Il s'agit là d'un des problèmes les plus courants – et les plus mal compris – dans la fabrication de semi-conducteurs aujourd'hui. On a souvent tendance à penser que la seule solution pour se conformer à l'Industrie 4.0 est de remplacer cet équipement. En réalité, la plupart des outils existants peuvent être mis à niveau pour l'Industrie 4.0 sans toucher au contrôleur, sans intervention du fabricant d'origine et sans avoir à débourser une somme considérable pour un nouvel outil. Ce guide explique précisément comment.
1. Pourquoi les équipements hérités constituent le principal obstacle à l'industrie 4.0
L'industrie 4.0 dans la fabrication de semi-conducteurs repose avant tout sur les données. L'alimentation en temps réel des systèmes MES par les équipements , la manutention automatisée des matériaux (AMHS), la détection et la classification des défauts (FDC) et la maintenance prédictive basée sur l'IA supposent toutes que chaque outil de la chaîne de production puisse communiquer avec le système central de l'usine.
Les anciens équipements de 150 mm et 200 mm — et même certains systèmes de 300 mm — ont été construits avant que cette norme ne soit adoptée. Nombre d'entre eux sont antérieurs à l'adoption de SECS/GEM ou ne prennent en charge que des implémentations partielles et peu fiables. Il en résulte une salle blanche à deux vitesses : d'un côté, des outils modernes générant des flux de données importants, et de l'autre, des outils anciens fonctionnant presque manuellement, dont le suivi est consigné sur des registres papier ou des tableurs, invisibles pour les tableaux de bord en temps réel.
Pour les installations OSAT en particulier, où les parcs d'équipements mélangent souvent des équipements datant de plusieurs décennies et couvrant de multiples types de processus, cet écart n'est pas un inconvénient mineur ; il s'agit du principal obstacle entre le fonctionnement actuel et une véritable usine de l'Industrie 4.0.
2. Ce que signifie réellement la « mise à niveau » des équipements existants
Quand on parle de « mise à niveau des équipements existants pour l’industrie 4.0 », on fait généralement référence à l’activation de quatre fonctionnalités natives des outils modernes :
- Communication standardisée avec l'hôte — SECS/GEM (et pour 300 mm, GEM300/E87) afin que l'outil puisse communiquer avec les systèmes MES/EAP dans un langage qu'ils comprennent déjà.
- Collecte de données en temps réel — Capture automatisée des paramètres de processus, des alarmes, des événements et des recettes au lieu de la saisie manuelle.
- Automatisation de la manutention des matériaux — Prise en charge du protocole E84/E87 afin que l'outil puisse s'interfacer avec les systèmes AMHS, OHT, AGV ou RGV.
- Préparation des analyses en aval — Une fois les données collectées dans un format standard, elles deviennent utilisables pour les tableaux de bord FDC et OEE, ainsi que pour la maintenance prédictive basée sur l'IA.
Point essentiel, aucune de ces quatre fonctionnalités ne nécessite le remplacement du contrôleur principal ou du logiciel de traitement de l'outil.
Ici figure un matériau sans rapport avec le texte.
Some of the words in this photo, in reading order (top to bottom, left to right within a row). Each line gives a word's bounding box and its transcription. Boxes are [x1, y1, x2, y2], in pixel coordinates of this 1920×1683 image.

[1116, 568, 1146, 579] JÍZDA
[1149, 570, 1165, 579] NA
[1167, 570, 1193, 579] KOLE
Il s'agit d'une couche de communication et de données ajoutée autour de l'équipement, ce qui rend possibles les solutions de modernisation non intrusives.
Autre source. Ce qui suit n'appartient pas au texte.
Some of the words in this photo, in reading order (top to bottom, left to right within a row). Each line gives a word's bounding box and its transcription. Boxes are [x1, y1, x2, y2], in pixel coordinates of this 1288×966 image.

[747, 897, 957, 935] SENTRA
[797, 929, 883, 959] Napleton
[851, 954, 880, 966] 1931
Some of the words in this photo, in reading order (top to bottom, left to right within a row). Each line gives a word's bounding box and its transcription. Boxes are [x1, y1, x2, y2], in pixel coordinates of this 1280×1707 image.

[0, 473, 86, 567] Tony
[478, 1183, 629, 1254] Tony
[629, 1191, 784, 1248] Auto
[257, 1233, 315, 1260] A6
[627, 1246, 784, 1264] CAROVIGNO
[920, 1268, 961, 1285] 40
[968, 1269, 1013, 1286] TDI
3. Les voies de mise à niveau traditionnelles (coûteuses et risquées)
Avant l'existence de solutions de modernisation non intrusives, les usines de fabrication de semi-conducteurs disposaient de trois options, et aucune n'était satisfaisante :
Remplacer l'équipement. Le coût est prohibitif pour un outil entièrement amorti qui remplit encore sa fonction de manière fiable, et cela perturberait les recettes de processus validées.
La mise à niveau SECS/GEM via le fabricant d'origine coûte souvent jusqu'à 100 000 $ par outil, nécessite un temps d'arrêt important des équipements et, pour les outils dont le fabricant d'origine a fusionné, a été racheté ou a cessé ses activités, peut même s'avérer impossible.
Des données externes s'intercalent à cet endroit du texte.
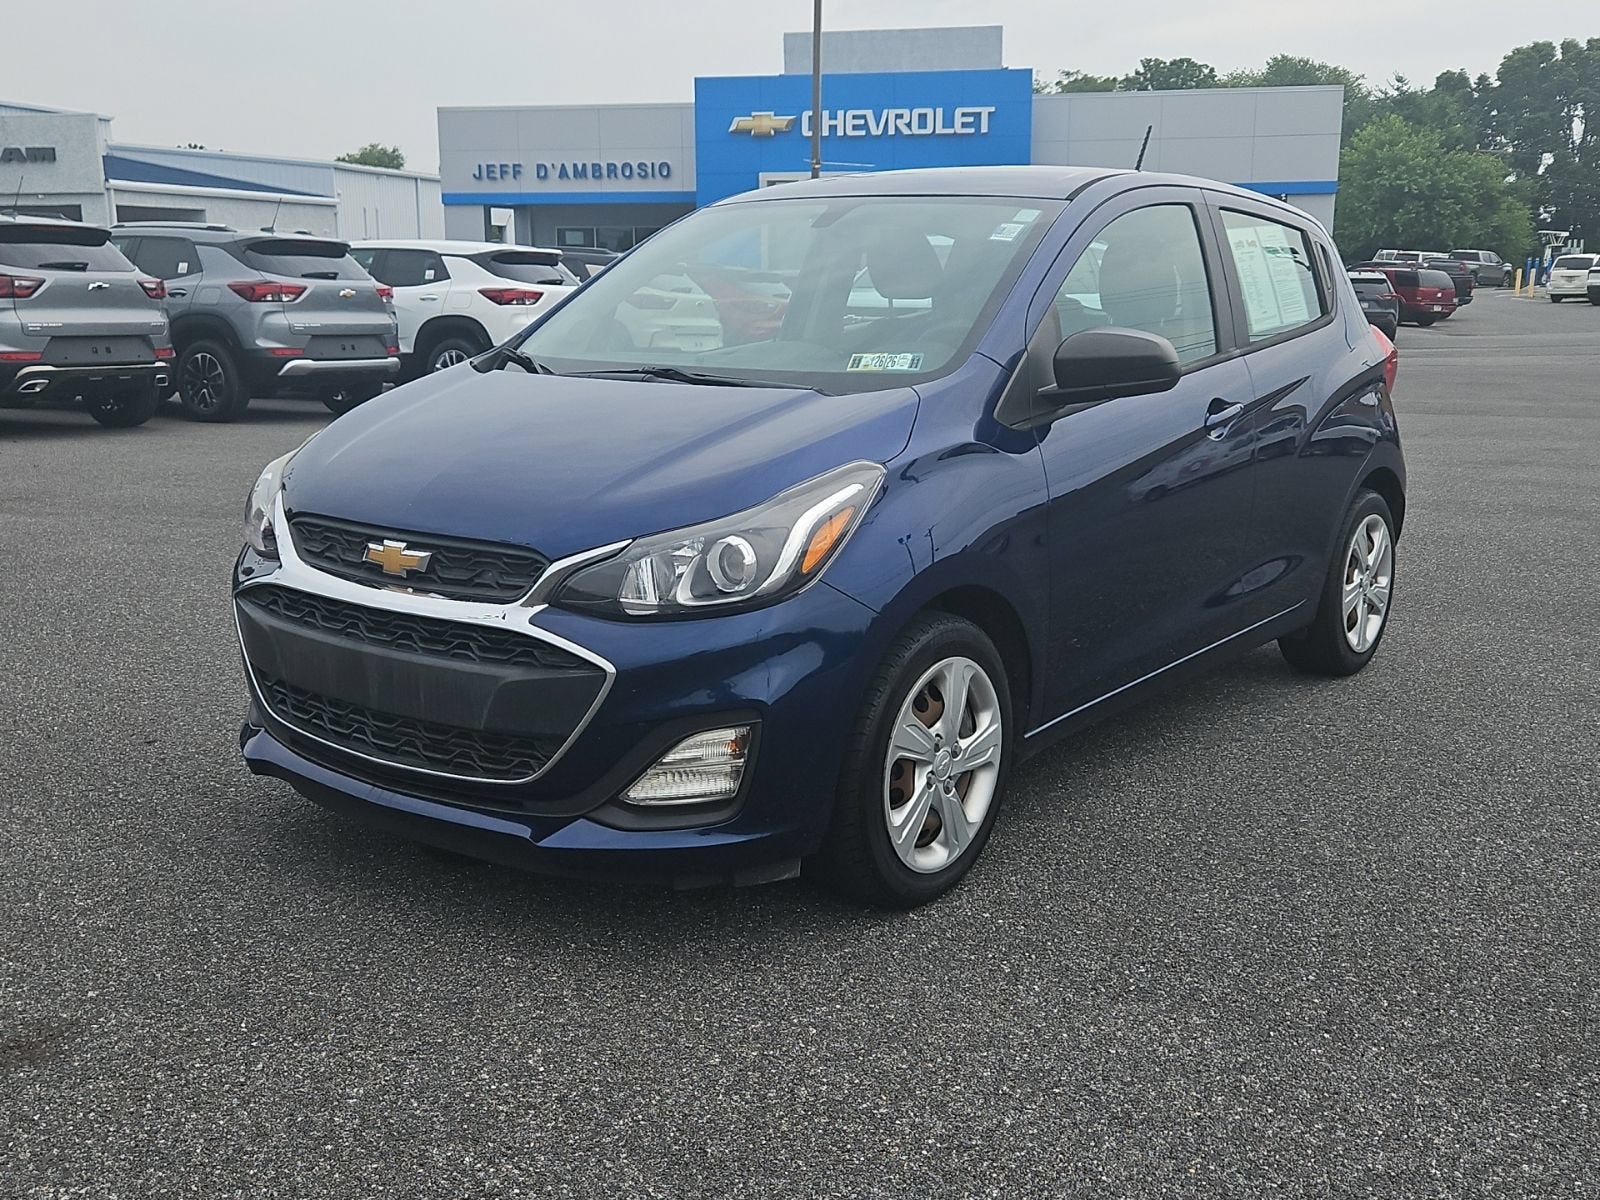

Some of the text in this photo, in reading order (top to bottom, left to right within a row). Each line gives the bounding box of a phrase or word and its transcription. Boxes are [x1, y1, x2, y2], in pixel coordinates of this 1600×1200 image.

Utilisez des kits de mise à niveau tiers pour les E/S. Ces kits nécessitent généralement une connaissance approfondie du fonctionnement interne de l'équipement, des modifications de câblage importantes et comportent un risque réel de perturbation d'un processus qualifié et validé.
Pour un outil ancien entièrement amorti mais encore fiable sur le plan mécanique et fonctionnel, ces trois options sont souvent irréalisables, que ce soit pour des raisons financières, opérationnelles, ou les deux. C'est précisément ce manque que la technologie de modernisation non intrusive et prête à l'emploi a été conçue pour combler.
4. L’approche de rénovation non intrusive : comment ça marche
L'alternative moderne est un dispositif passerelle non intrusif — une unité matérielle compacte qui se place à côté de l'équipement et se connecte via les ports dont l'outil dispose déjà : sa sortie d'affichage (VGA, DVI ou HDMI) et, en option, ses ports clavier/souris (USB ou PS/2).
Voici le principe fondamental : la passerelle ne modifie en rien le contrôleur, le micrologiciel ni le logiciel de traitement de l’équipement. Elle observe simplement l’affichage et l’interface existants de l’outil, les traduit en messages SECS/GEM (ou Modbus/OPC) standard et expose ces données et la couche de contrôle à l’hôte de l’usine. Du point de vue de l’outil, rien ne change. Du point de vue de l’hôte de l’usine, l’outil se comporte désormais comme un équipement moderne entièrement conforme à la norme GEM.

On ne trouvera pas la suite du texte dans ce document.